You can even manually edit the variable value and see how it impacts your device in realtime!
Debugging on ESP32
Just like when debugging on an STM32, when working with an ESP32-based board your journey begins with a debugger/programmer. The most commonly used debugger is the ESP-Prog.
You can also use FT2232HL- and FT232H-based debuggers or the aforementioned Segger J-Link. Certain ESP32-based dev boards like the ESP-WROVER-KIT ship with an integrated debugger.
Connecting an ESP-PROG
Most ESP-Prog boards ship with multiple ribbon cables that let you connect directly to your board, provided the appropriate JTAG port is exposed. Unfortunately in ESP32 land, that's not the norm.
In my case, I'm using Adafruit's HUZZAH32 Feather and therefore have to manually wire my host to the ESP-Prog.
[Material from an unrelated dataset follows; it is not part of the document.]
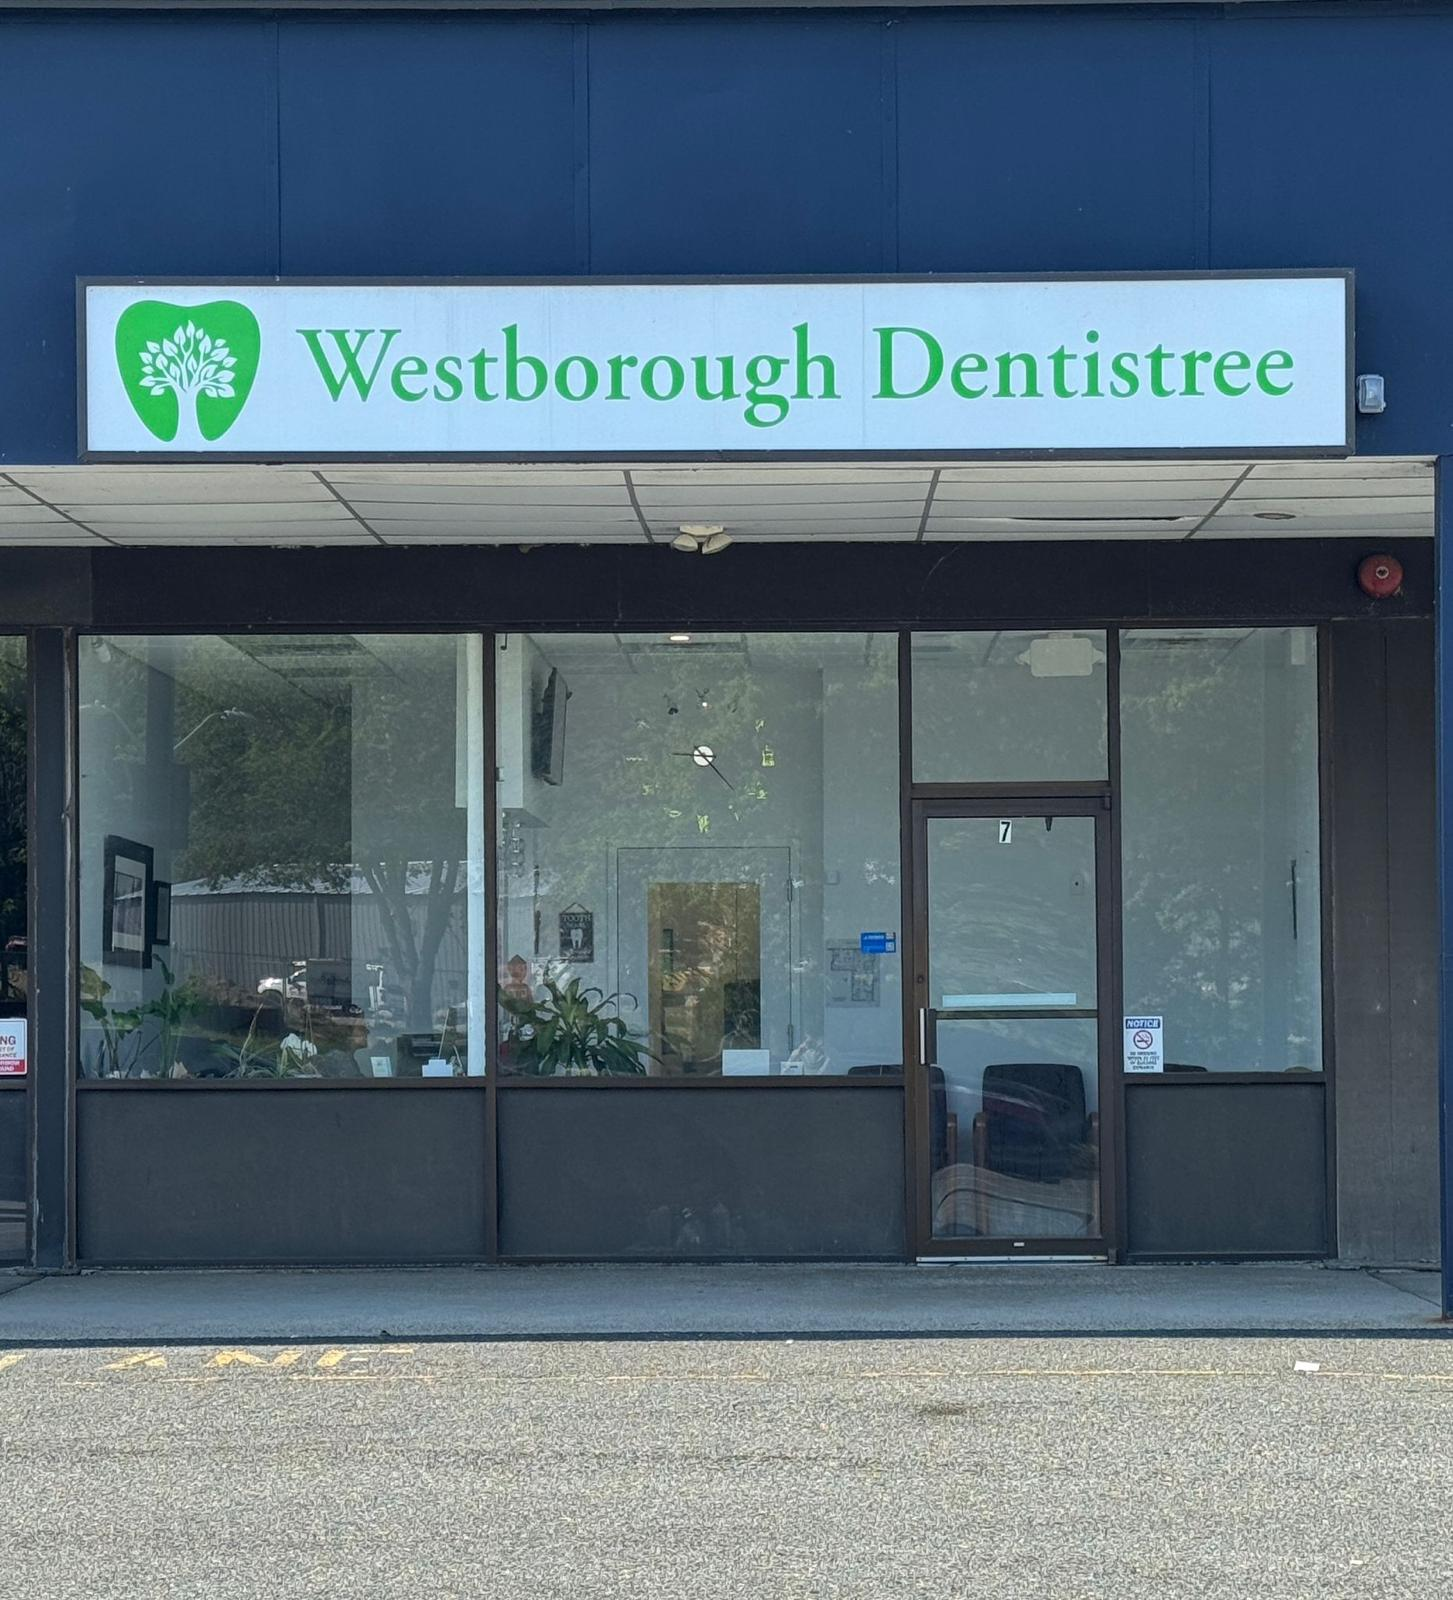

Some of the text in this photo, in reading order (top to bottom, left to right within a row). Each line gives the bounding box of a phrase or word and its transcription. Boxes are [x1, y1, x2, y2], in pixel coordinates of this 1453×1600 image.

[296, 322, 1294, 429] Westborough Dentistree
[1000, 821, 1011, 842] 7
[1126, 1019, 1159, 1028] NOTICE
No worries though, as the wiring required is relatively minimal:
| JTAG | ESP32 |
|---|---|
| GND | GND |
| TDO | GPIO15 |
| TDI | GPIO12 |
| TCK | GPIO13 |
| TMS | GPIO14 |
For reference, here is the pinout for the ESP-Prog:
Powering ESP-Prog and Host
When all is said and done, the ESP-Prog is connected via a Micro USB cable, properly wired to my Feather, and the Feather is also connected to my computer via Micro USB (but could also be powered via a LiPo battery).
A bit messy, but it works!
Debugging with ESP-Prog
Like we did above with STM32, let's see what changes we need to make to our PlatformIO project to enable debugging on the ESP32.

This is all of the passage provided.